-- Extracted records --
__________________________________________________
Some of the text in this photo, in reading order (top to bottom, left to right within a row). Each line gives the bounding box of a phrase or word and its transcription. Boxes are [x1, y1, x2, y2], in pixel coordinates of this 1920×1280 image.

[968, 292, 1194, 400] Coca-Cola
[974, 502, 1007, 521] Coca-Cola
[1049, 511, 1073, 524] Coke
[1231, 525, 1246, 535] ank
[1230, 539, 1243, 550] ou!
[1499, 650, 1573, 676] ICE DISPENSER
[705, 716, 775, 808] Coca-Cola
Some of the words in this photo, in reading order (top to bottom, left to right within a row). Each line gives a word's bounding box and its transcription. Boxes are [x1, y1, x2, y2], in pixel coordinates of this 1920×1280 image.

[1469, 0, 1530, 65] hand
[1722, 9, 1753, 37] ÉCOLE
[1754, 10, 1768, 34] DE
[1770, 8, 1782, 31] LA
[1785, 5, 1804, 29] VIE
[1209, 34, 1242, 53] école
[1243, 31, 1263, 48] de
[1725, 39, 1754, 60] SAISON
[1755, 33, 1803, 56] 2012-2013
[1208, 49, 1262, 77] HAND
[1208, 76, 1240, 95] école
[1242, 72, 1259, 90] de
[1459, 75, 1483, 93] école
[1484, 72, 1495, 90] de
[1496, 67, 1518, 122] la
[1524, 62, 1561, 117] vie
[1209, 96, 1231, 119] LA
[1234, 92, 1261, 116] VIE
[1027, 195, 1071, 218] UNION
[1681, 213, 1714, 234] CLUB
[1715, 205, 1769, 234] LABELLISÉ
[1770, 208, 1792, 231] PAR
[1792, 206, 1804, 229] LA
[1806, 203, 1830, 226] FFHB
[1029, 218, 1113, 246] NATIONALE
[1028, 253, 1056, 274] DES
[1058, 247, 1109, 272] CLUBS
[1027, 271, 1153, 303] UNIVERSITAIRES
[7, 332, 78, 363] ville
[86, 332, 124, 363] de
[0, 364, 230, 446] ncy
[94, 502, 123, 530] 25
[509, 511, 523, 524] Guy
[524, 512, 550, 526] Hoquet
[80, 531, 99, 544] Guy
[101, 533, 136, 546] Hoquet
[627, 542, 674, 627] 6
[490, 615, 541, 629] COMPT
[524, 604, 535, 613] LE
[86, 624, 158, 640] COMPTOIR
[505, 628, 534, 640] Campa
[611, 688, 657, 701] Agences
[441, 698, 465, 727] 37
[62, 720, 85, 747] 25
__________________________________________________
-- Problem statement --
Nothing may be dropped or altered. Copy every line above.

-- Problem solution --
Some of the text in this photo, in reading order (top to bottom, left to right within a row). Each line gives the bounding box of a phrase or word and its transcription. Boxes are [x1, y1, x2, y2], in pixel coordinates of this 1920×1280 image.

[968, 292, 1194, 400] Coca-Cola
[974, 502, 1007, 521] Coca-Cola
[1049, 511, 1073, 524] Coke
[1231, 525, 1246, 535] ank
[1230, 539, 1243, 550] ou!
[1499, 650, 1573, 676] ICE DISPENSER
[705, 716, 775, 808] Coca-Cola
Some of the words in this photo, in reading order (top to bottom, left to right within a row). Each line gives a word's bounding box and its transcription. Boxes are [x1, y1, x2, y2], in pixel coordinates of this 1920×1280 image.

[1469, 0, 1530, 65] hand
[1722, 9, 1753, 37] ÉCOLE
[1754, 10, 1768, 34] DE
[1770, 8, 1782, 31] LA
[1785, 5, 1804, 29] VIE
[1209, 34, 1242, 53] école
[1243, 31, 1263, 48] de
[1725, 39, 1754, 60] SAISON
[1755, 33, 1803, 56] 2012-2013
[1208, 49, 1262, 77] HAND
[1208, 76, 1240, 95] école
[1242, 72, 1259, 90] de
[1459, 75, 1483, 93] école
[1484, 72, 1495, 90] de
[1496, 67, 1518, 122] la
[1524, 62, 1561, 117] vie
[1209, 96, 1231, 119] LA
[1234, 92, 1261, 116] VIE
[1027, 195, 1071, 218] UNION
[1681, 213, 1714, 234] CLUB
[1715, 205, 1769, 234] LABELLISÉ
[1770, 208, 1792, 231] PAR
[1792, 206, 1804, 229] LA
[1806, 203, 1830, 226] FFHB
[1029, 218, 1113, 246] NATIONALE
[1028, 253, 1056, 274] DES
[1058, 247, 1109, 272] CLUBS
[1027, 271, 1153, 303] UNIVERSITAIRES
[7, 332, 78, 363] ville
[86, 332, 124, 363] de
[0, 364, 230, 446] ncy
[94, 502, 123, 530] 25
[509, 511, 523, 524] Guy
[524, 512, 550, 526] Hoquet
[80, 531, 99, 544] Guy
[101, 533, 136, 546] Hoquet
[627, 542, 674, 627] 6
[490, 615, 541, 629] COMPT
[524, 604, 535, 613] LE
[86, 624, 158, 640] COMPTOIR
[505, 628, 534, 640] Campa
[611, 688, 657, 701] Agences
[441, 698, 465, 727] 37
[62, 720, 85, 747] 25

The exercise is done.